After the refeeding process stopped for me in the autumn of last year, I started allowing myself a meal off here, a snack off there but only when I wasn’t hungry. Whenever the depression kicks in, a meal off here and a snack off there turns into more meals off here and more snacks off there and less food on the plate and a general return to restriction.

So a lapse begins to morph into a relapse. And when this happens, my mind generally begins to have a less rational relationship with food and my body such that I can see that clearly, this is a recurrence of the eating disorder. So now, I am managing two things rather than just one.

What I have noticed in the past month is that for two, every fortnight, I begin to experience extreme hunger. I am always inclined to honour my hunger but this begins to set off alarm bells in my mind and I start thinking of returning to purging which is a hellhole like no other. And so this then increases the depression because I become very tired of the endless cycle of depression and eating disorder.

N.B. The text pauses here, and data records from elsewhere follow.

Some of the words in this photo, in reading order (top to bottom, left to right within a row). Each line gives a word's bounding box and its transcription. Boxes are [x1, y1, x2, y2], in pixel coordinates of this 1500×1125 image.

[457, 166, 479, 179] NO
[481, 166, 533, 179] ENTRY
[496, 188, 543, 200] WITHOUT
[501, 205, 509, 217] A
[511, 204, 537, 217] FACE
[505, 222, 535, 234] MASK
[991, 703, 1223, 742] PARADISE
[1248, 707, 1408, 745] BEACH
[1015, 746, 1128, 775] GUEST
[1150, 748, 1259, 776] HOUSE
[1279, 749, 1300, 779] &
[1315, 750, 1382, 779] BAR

I tried for a long time to force myself to eat mechanically as I have heard it said so many times in treatment and for a while, I was able to do so but there comes a time when fatigue sets in and ‘je baisse les bras’ (I give up). I stop willing myself to eat when I don’t feel like it, I keep myself busy just so I don’t have to think about food or deal with it, I avoid eating around people I don’t know, I avoid eating outside of my home because I cannot make choices about what to eat. It all becomes so ugly and all-consuming once more.

I am at least grateful for a few things. In fact, I am grateful for many things since I started recovering but more specifically, I am glad that I am still honouring my hunger, I am glad that I am not throwing up anymore and that I am a year plus into that state of being, I am glad that I am still receiving some support from my brother and I am glad for the friends who encourage me when I am with them, to eat in their company. I am glad that I have the mental space to write from time to time and that my life feels fuller some days.

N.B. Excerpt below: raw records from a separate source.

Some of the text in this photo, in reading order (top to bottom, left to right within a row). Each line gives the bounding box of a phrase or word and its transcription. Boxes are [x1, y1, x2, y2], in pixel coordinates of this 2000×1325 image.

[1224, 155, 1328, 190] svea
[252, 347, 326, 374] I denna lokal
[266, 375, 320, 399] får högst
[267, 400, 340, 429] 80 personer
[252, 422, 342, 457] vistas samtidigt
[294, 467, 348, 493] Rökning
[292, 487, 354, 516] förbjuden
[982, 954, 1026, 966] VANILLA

I do find that eating with people I am comfortable with, who know me, who I don’t feel in anyway judged by, helps me manage any distress I feel around eating but I am also aware that the ability to nourish myself independently, without support is still something I struggle with.

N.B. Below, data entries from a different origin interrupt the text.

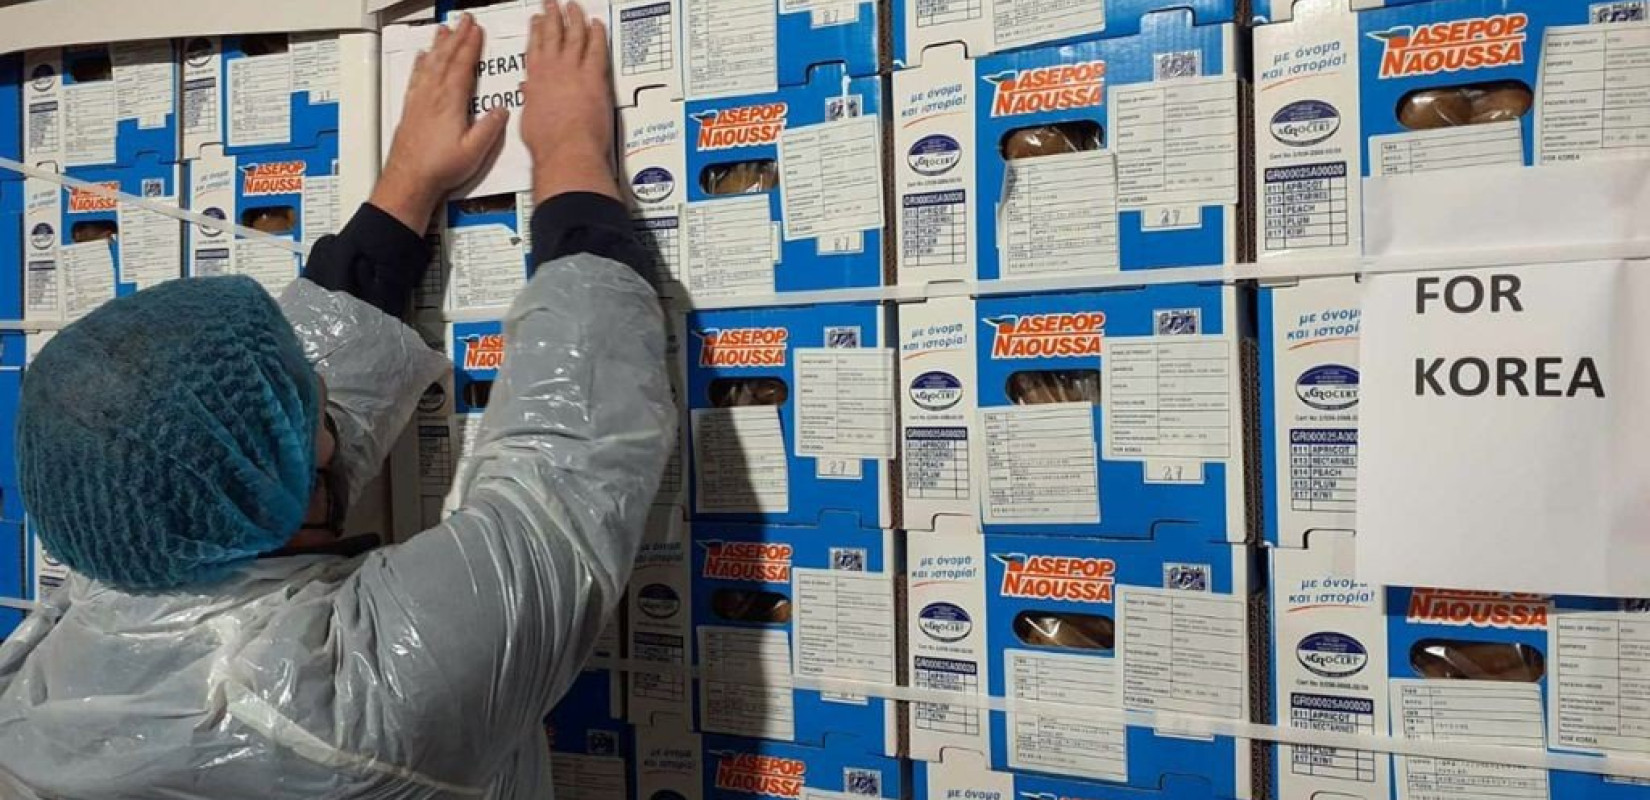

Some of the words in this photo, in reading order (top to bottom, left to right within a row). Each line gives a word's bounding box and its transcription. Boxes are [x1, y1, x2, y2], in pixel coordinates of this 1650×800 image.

[1411, 16, 1525, 45] ASEPOP
[1274, 52, 1289, 65] με
[1295, 41, 1340, 58] όνομα
[1381, 43, 1524, 75] NAOUSSA
[477, 53, 528, 77] PERAT
[1262, 67, 1283, 80] και
[1289, 52, 1347, 74] ιστορία!
[1018, 62, 1105, 90] ASEPOP
[928, 84, 962, 98] όνομα
[995, 84, 1102, 114] NAOUSSA
[471, 90, 525, 115] ECORD
[718, 103, 785, 124] ASEPOP
[256, 161, 304, 175] ASEPOP
[245, 177, 302, 194] NAOUSSA
[1286, 204, 1316, 214] PEACH
[1286, 215, 1310, 226] PLUM
[1415, 273, 1524, 314] FOR
[1018, 313, 1105, 336] ASEPOP
[1299, 314, 1316, 326] με
[1322, 309, 1361, 322] όνομ
[719, 329, 786, 345] ASEPOP
[927, 323, 963, 335] όνομα
[1287, 329, 1309, 340] και
[1315, 321, 1360, 336] ιστορί
[994, 336, 1101, 356] NAOUSSA
[701, 348, 785, 365] NAOUSSA
[1414, 356, 1606, 398] KOREA
[1312, 446, 1350, 455] APRICOT
[1312, 468, 1341, 477] PEACH
[1312, 480, 1337, 488] PLUM
[722, 543, 791, 560] ASEPOP
[937, 555, 972, 566] όνομα
[705, 558, 787, 581] NAOUSSA
[1025, 556, 1113, 578] ASEPOP
[1003, 577, 1112, 600] NAOUSSA
[1302, 579, 1317, 590] με
[1288, 594, 1310, 603] και
[1316, 590, 1374, 604] ιστορία!
[1409, 594, 1547, 625] NAOUSSA
[733, 753, 806, 775] ASEPOP

I want to be able to live a full, expansive version of life rather than a redacted version. I want to be able to eat freely, be free and just be. I also desperately want to be free of depression and it is the depression which induces a fear like no other. It is the latter that makes relapses of lapses.

I know I have a long way to go. As I am often told, recovery is not a linear process. I know. Now please give me pound coin.

But I think I oftentimes end up choosing the calm of not eating over the distress of eating simply because I want a break from the depression. In the long-term, this cannot and will not be the way forward.

If I end up with a complete relapse in terms of the eating disorder, I will inevitably end up in a very dangerous place mentally and that is not something I want.

The challenge of reading fiction during the fog of depression

I had a conversation with someone recently about why I have struggled to read works of fiction over the past seven months. I have completed one fiction book in the past seven months: The Palm-Wine Drinkard by Amos Tutuola.

I told this person that I do not have the patience for reading about made-up things and that I much prefer reading about real people’s lives at the moment.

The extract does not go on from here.